Verrassende resultaten in jongerenonderzoek JIM, 26 mei 2011 op: http://tv-visie.be/nieuws/belgie/verrassende-resultaten-in-jongerenonderzoek-jim_44311/

Artikels:

Jeroen Zuallaert, De wereld loopt niét vol seriemoordenaars, in: Knack, nr. 42, 19 oktober 2011, p. 52-53.

Dominique Verschuren, “Afwijzing is als een regenbui: vervelend, maar niet traumatisch.” Psychotherapeut Wilfried van Craen vertelt over fake bij jongeren, in: Fake Magazine, In Petto, Antwerpen, april 2010, p. 44-47.

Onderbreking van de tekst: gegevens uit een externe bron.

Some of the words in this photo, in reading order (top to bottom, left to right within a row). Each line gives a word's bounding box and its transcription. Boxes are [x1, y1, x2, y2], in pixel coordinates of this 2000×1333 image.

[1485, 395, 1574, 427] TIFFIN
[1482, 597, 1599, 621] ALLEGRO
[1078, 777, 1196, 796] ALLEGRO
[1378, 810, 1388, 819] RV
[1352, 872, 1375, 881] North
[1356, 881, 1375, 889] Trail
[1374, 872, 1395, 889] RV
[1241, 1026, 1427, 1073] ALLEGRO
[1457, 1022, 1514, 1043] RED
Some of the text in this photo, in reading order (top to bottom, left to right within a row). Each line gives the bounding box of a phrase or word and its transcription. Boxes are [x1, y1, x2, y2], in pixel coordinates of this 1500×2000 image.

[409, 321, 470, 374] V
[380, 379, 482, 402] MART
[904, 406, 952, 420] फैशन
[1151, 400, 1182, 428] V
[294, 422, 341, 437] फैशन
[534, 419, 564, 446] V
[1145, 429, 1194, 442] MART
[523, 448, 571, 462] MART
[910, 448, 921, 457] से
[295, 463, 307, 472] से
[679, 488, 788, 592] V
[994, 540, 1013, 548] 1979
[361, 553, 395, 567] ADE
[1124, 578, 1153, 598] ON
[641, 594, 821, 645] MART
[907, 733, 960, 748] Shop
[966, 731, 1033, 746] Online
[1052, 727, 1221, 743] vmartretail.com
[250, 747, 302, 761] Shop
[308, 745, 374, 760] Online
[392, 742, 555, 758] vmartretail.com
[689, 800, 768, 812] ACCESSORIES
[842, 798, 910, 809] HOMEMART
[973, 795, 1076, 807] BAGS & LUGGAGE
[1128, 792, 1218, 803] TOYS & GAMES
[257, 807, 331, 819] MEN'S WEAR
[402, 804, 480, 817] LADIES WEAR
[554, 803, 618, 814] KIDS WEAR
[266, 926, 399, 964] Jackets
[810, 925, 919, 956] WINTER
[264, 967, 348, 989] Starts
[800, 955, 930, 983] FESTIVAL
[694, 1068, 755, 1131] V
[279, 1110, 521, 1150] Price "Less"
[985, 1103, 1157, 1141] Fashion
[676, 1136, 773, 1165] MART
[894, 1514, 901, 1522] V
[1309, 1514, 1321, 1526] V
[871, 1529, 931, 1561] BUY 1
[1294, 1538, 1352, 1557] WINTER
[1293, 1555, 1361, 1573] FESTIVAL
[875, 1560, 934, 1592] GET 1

Dominique Verschuren, “We mogen niet bang zijn om ons hart te verbinden met elkaar.” Lut Celie, in: Connected Magazine, In Petto, Antwerpen, oktober 2011, 38-41.

Dominique Verschuren, “Soms moet je bij jezelf bijtanken om terug ruimte te hebben voor anderen.” Ann Geirnaerdt, in: Connected Magazine, In Petto, Antwerpen, oktober 2011, 54-55.